Written by Emma Sanchez
The world’s largest oilfield services provider is counting on production increases in the Middle East to offset the slowdown in U.S. shale.
That’s one of the key takeaways from comments this week from executives at Helmerich & Payne and Patterson UTI Energy, who pointed to opportunities to boost growth in countries such as Saudi Arabia. The comments echoed forecasts from industry giants such as SLB and Weatherford International, who expect the Middle East region to lead the recovery in activity from the end of 2026 to 2027.
Operators in the U.S. shale region, which once led the world in oil production growth, are now closely monitoring commodity markets that are hovering around levels where drilling is profitable for producers. If oil prices fall to the low $50s a barrel for several months, companies are expected to cut back drilling and fracking in the U.S. even more significantly.


Global oil prices have been steadily falling over the past few months on expectations of oversupply. The U.S. benchmark, West Texas Intermediate, has fallen more than 10% over the past year and was trading around $63 a barrel as of Thursday.
But some Middle Eastern producers are better able to sustain lower oil prices, highlighting why oilfield services companies are seeking growth there. Hydraulic fracturing projects to extract natural gas are also emerging in the region as governments face rising electricity demand, industrial expansion and petrochemical expansion.

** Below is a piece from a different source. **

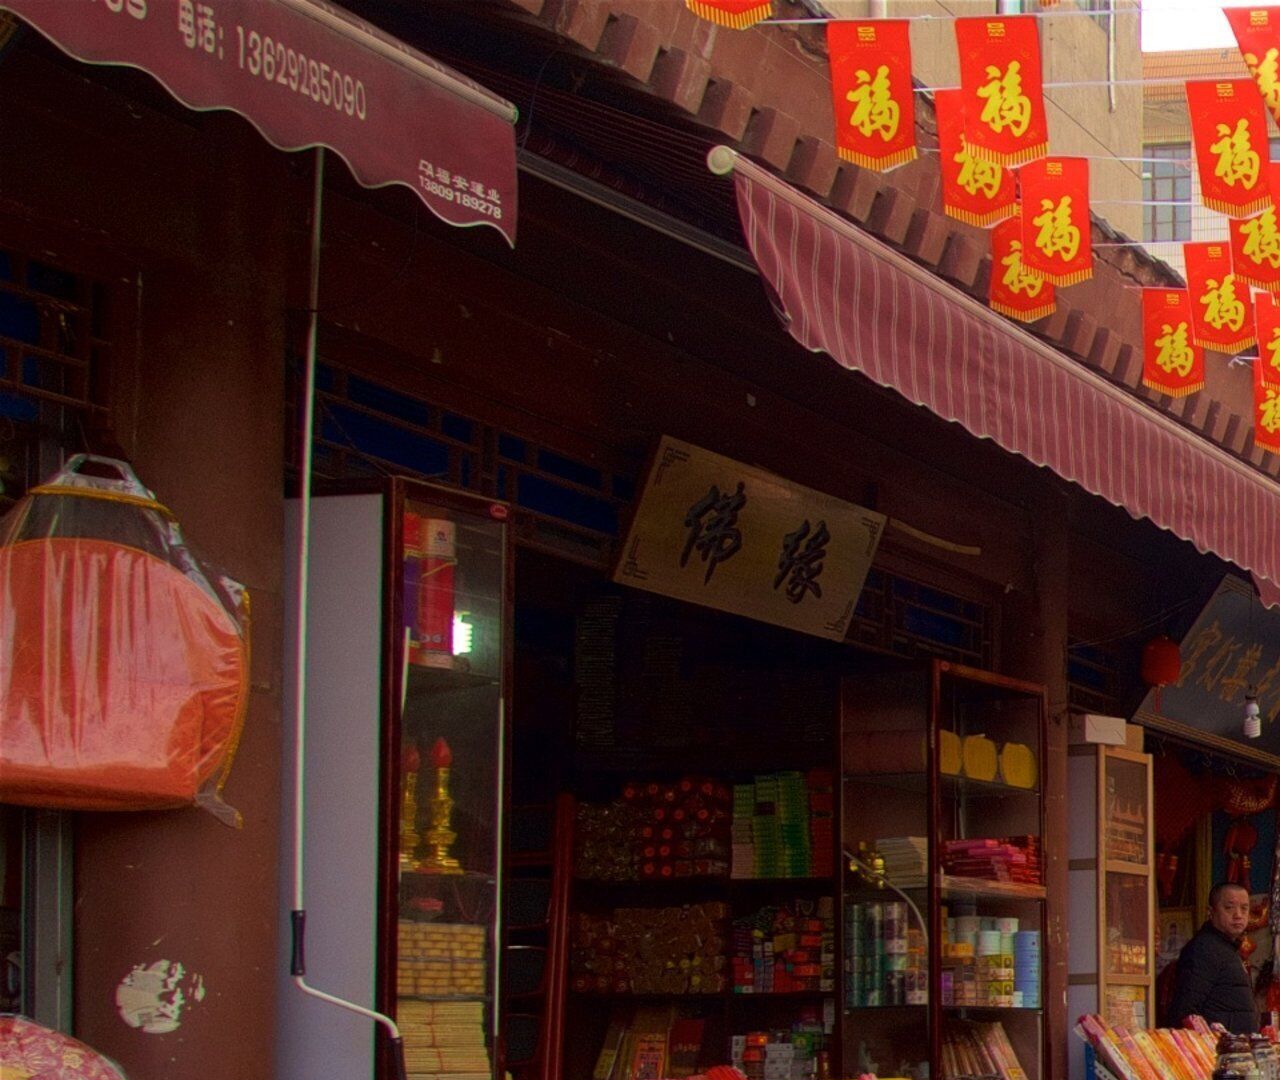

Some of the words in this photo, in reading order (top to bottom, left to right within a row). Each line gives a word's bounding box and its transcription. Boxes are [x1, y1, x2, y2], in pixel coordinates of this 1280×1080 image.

Below are recent comments from oilfield service companies.
Helmerich & Payne
The company, one of the top drilling rig contractors in the U.S. shale region, said it is in the process of restarting a mothballed rig in Saudi Arabia. During Thursday’s earnings call, incoming CEO Trey Adams said the company remains excited about further opportunities in the region.
Patterson-UTI Energy
The company opened a drill bit manufacturing facility in Saudi Arabia that began operations in December, CEO Andy Hendricks said on a call Thursday to discuss fourth-quarter results.
S.L.B.
SLB CEO Olivier Le Pouch said in an earnings call on January 23 that the recovery in oil production from OPEC+ policies and gas being a priority to meet regional demand will lead to “strong conditions” in the coming years. “The Middle East market is characterized by a recovery in drilling and workover activity in Saudi Arabia, with rig numbers likely to return to early 2025 levels by the end of 2026, and this has already begun,” Le Pouche said. he said.
weatherford
Weatherford International, which gets much of its business from the Middle East/North Africa region, sees “strong opportunities” in Saudi Arabia and momentum in countries such as the United Arab Emirates, Kuwait and Oman, CEO Girish Saligram said on an earnings call Wednesday.
halliburton
Halliburton, the world’s largest provider of hydraulic fracturing services, is taking a more cautious view, saying it expects activity in the region to be flat or slightly down in 2026, CEO Jeff Miller said on a Jan. 21 earnings call. “We’re very aware of the increase in activity in Saudi Arabia, but we’re a little more conservative about the timing and pace of that recovery,” Miller said. “It’s likely that it will happen, but it’s not very clear to me how impactful it will be or how soon it will happen.”